To be competitive with the market median (or the 50th percentile), the average pay of those benchmarked positions needed to fall within 15 percent on either side of the 50th percentile. The report said ISU hit that range in all three sectors, and in an overall market comparison.

Overall, ISU's benchmarked base salaries were 4 percent lower than the market's 50th percentile. They were

3 percent higher in the education field, 4 percent higher in the not-for-profit comparison and 6 percent under the general business mark. All of them are considered competitive.

"They came to the conclusion that our current compensation system is fundamentally sound and performing well," Hoffman said. "Considering it has been with us since 1993, it was pretty astonishing to them. They expected it to be quite different."

Their recommendations

"The study recommendation is that we essentially keep our current structure, with a little bit of tweaking," Hoffman said.

Towers Perrin's recommendations included adding two pay grades to the compensation structure and expanding the salary range within the grades.

The proposed structure has pay grades 1 through 12. The two new grades are inserted near the middle of the pack and just below the top grade (formerly P-20), respectively. With a broader salary range at some levels, employees could move to a new salary level without being re-classed to a higher P-level.

"For the entry-level positions, it keeps the structure relatively tight," Hoffman said. "As you move through the pay grades, the pay ranges are actually quite large."

Another recommendation was to discontinue yearly adjustments to the salary minimums and maximums. The P&S Council generally matches the rise of the regional consumer price index when making its annual salary policy recommendation, but the Towers Perrin report suggests dropping the use of a cost-of-living increase and using a cost-of-labor formula for periodic reviews of the pay structure.

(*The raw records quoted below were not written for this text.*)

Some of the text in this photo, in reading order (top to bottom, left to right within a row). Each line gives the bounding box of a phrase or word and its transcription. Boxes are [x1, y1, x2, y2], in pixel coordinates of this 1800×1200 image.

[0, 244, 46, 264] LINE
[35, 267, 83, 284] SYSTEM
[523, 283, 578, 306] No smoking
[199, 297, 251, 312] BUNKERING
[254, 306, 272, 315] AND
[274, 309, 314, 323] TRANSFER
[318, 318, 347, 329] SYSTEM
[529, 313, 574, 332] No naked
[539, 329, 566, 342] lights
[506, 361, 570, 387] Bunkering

"That, of course, is going to be a policy decision if this is adopted and implemented," Hoffman said.

What will it cost?

The projected cost of bringing those staff members to their minimum level in the new structure was estimated at $250,000, or 0.18 percent of all P&S payroll. Hoffman said if the report was accepted, administrators would strive to bring those individuals to their benchmark minimums by Jan. 1, 2009, and shoot for full implementation by July 1, 2009.

Luke Alberts, human resource specialist, said policy development would be a big part of the implementation process. That work would include redistributing ISU's classifications within the new salary structure.

What's next

People can ask questions about the report at two campus forums in 2055 Hoover. The first is Monday, March 17, from noon to 2 p.m.; the second is Wednesday, March 26, from 12:30 to 2:30 p.m.

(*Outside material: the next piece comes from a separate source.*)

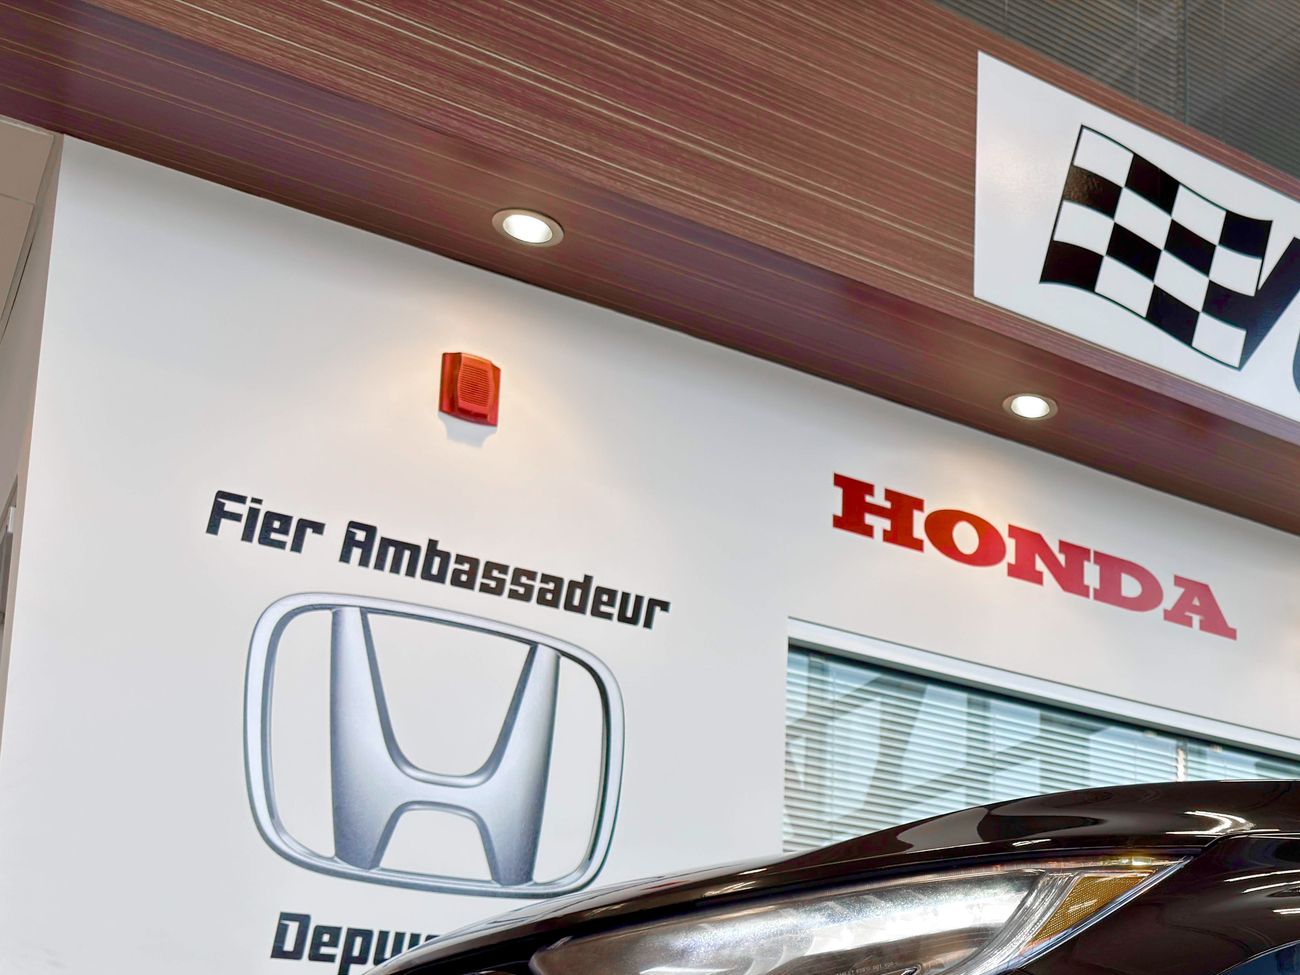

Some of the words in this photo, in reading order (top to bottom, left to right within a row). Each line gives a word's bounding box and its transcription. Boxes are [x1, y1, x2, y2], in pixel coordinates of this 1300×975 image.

[206, 490, 325, 554] Fier
[339, 520, 671, 630] Ambassadeur
[832, 473, 1237, 641] HONDA

A committee will compile and review the campus feedback, then make a recommendation to Hoffman and president Gregory Geoffroy. The first recommendation would be to accept or reject the report. If the report is accepted, the second recommendation would concern implementation of the new structure.

A comment form for the study is available on AccessPlus and can be returned by e-mail ( or sent to HRS, 3810 Beardshear.


Compensation report open forums

Monday, March 17, noon to 2 p.m., 2055 Hoover

Wednesday, March 26, 12:30 to 2:30 p.m., 2055 Hoover


"We feel that it is very important for the community at large to have an opportunity to read the report, think about the report, and to offer comments on the report before any decision is made as to whether to accept the report and move forward on any implementation."